Stormy Daniels: I was in a parking lot, going to a fitness class with my infant daughter. T– taking, you know, the seats facing backwards in the backseat, diaper bag, you know, gettin’ all the stuff out. And a guy walked up on me and said to me, “Leave Trump alone. Forget the story.” And then he leaned around and looked at my daughter and said, “That’s a beautiful little girl. It’d be a shame if something happened to her mom.” And then he was gone.

Anderson Cooper: You took it as a direct threat?

Stormy Daniels: Absolutely.

Stormy Daniels: I was rattled. I remember going into the workout class. And my hands are shaking so much, I was afraid I was gonna– drop her.
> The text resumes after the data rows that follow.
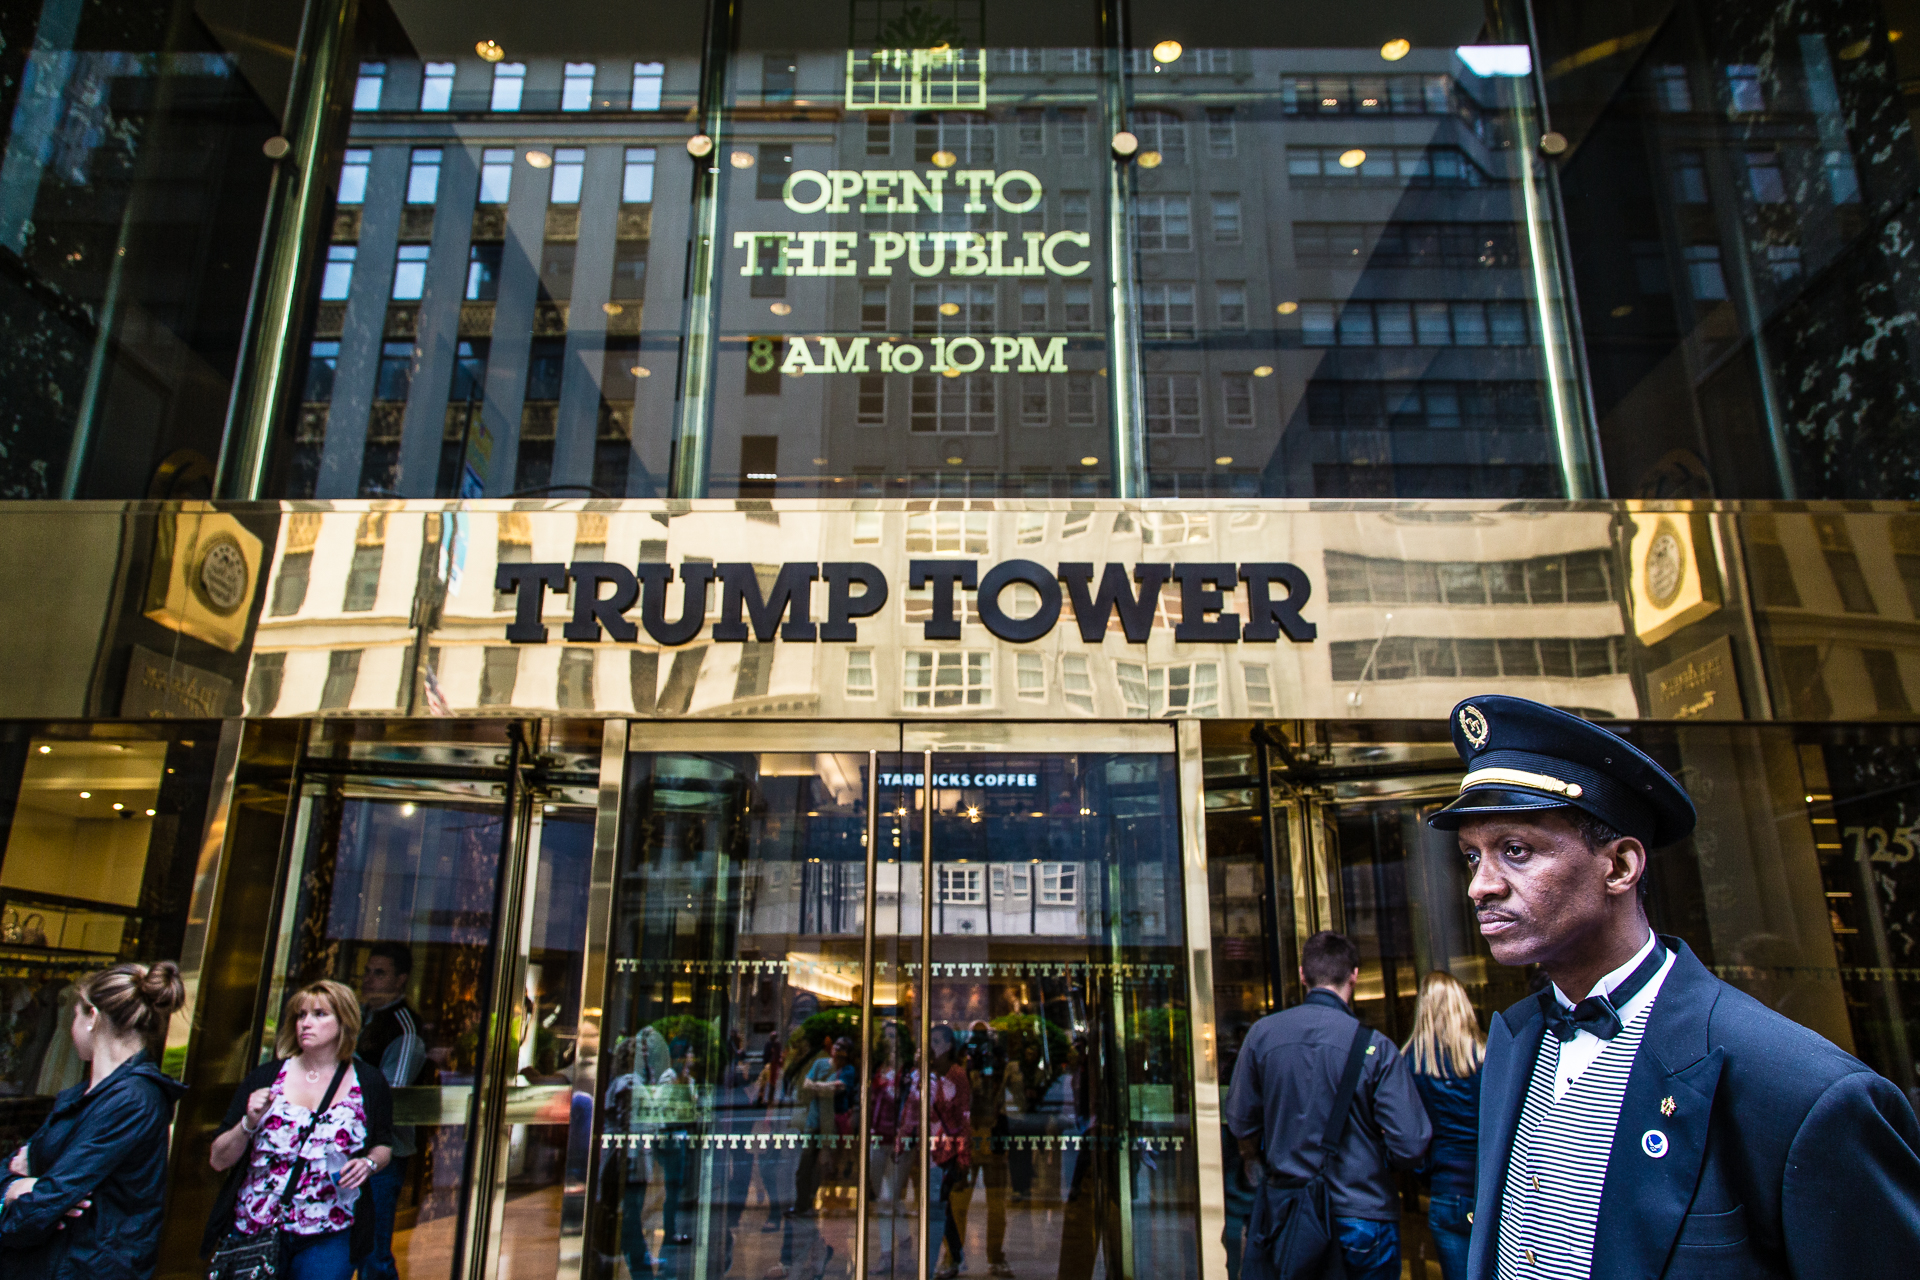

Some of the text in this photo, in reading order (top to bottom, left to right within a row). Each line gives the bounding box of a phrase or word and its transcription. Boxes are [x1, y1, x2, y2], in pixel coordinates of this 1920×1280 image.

[782, 169, 1043, 213] OPEN TO
[733, 230, 1091, 276] THE PUBLIC
[877, 340, 924, 374] to
[990, 337, 1068, 373] PM
[494, 558, 1318, 646] TRUMP TOWER
[878, 773, 1038, 787] TARBCKS COFFEE
[1843, 826, 1915, 863] 725
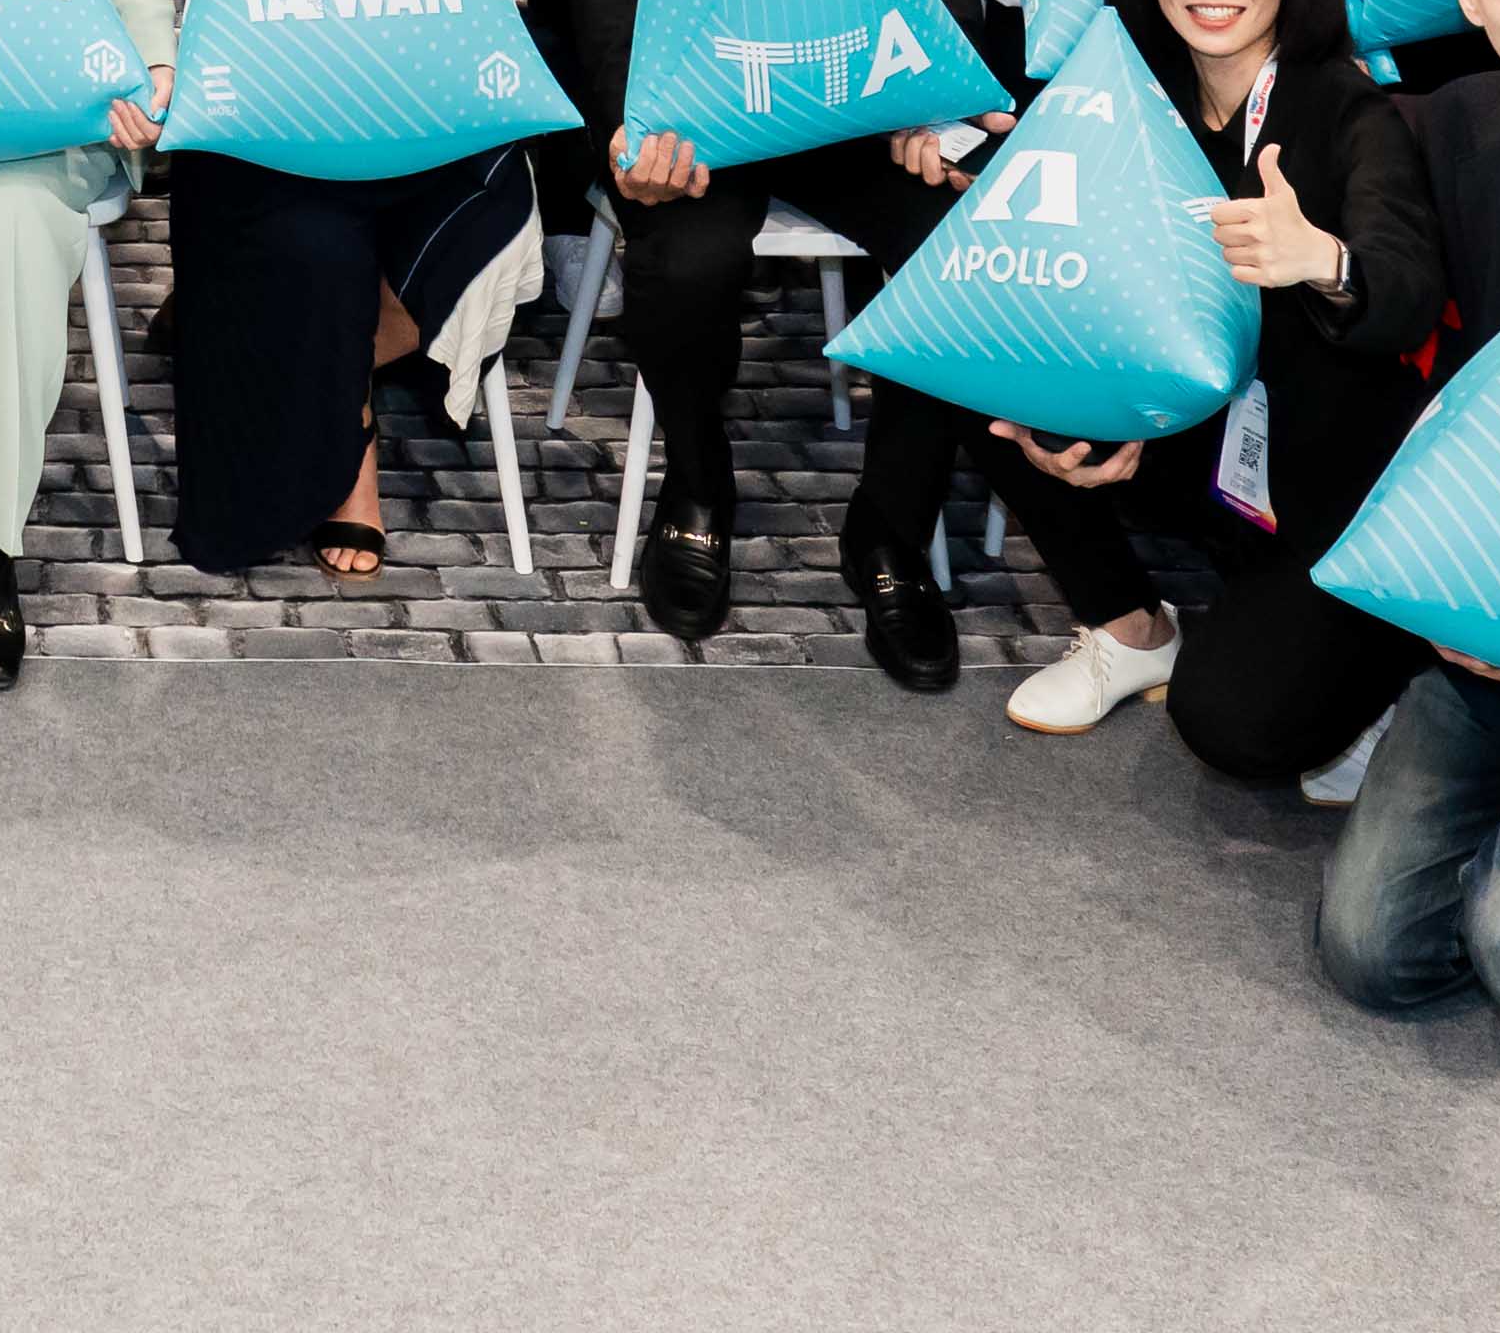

It’s Cooper, not Daniels, who implies a connection between Cohen and the Vegas thug by noting his threat to sue and the parking-lot threat in quick succession, and even that’s a stretch. He’s not accusing Cohen of having dispatched the thug, he’s making the point that Trump’s inner circle was aware of the In Touch interview when the parking-lot threat was made. If Cohen knew about it, per his threat to sue, other Trump cronies might have known as well and chosen to go a different route in pressuring Daniels. The closest Daniels comes to accusing Cohen of a violent threat is when she says she was told by her lawyer before signing the NDA in 2016 that Cohen “can make your life hell in many different ways,” but that needn’t mean anything illegal. If Cohen wins the $20 million in damages that he’s demanding from her for violating the NDA, that’ll make her life hell too.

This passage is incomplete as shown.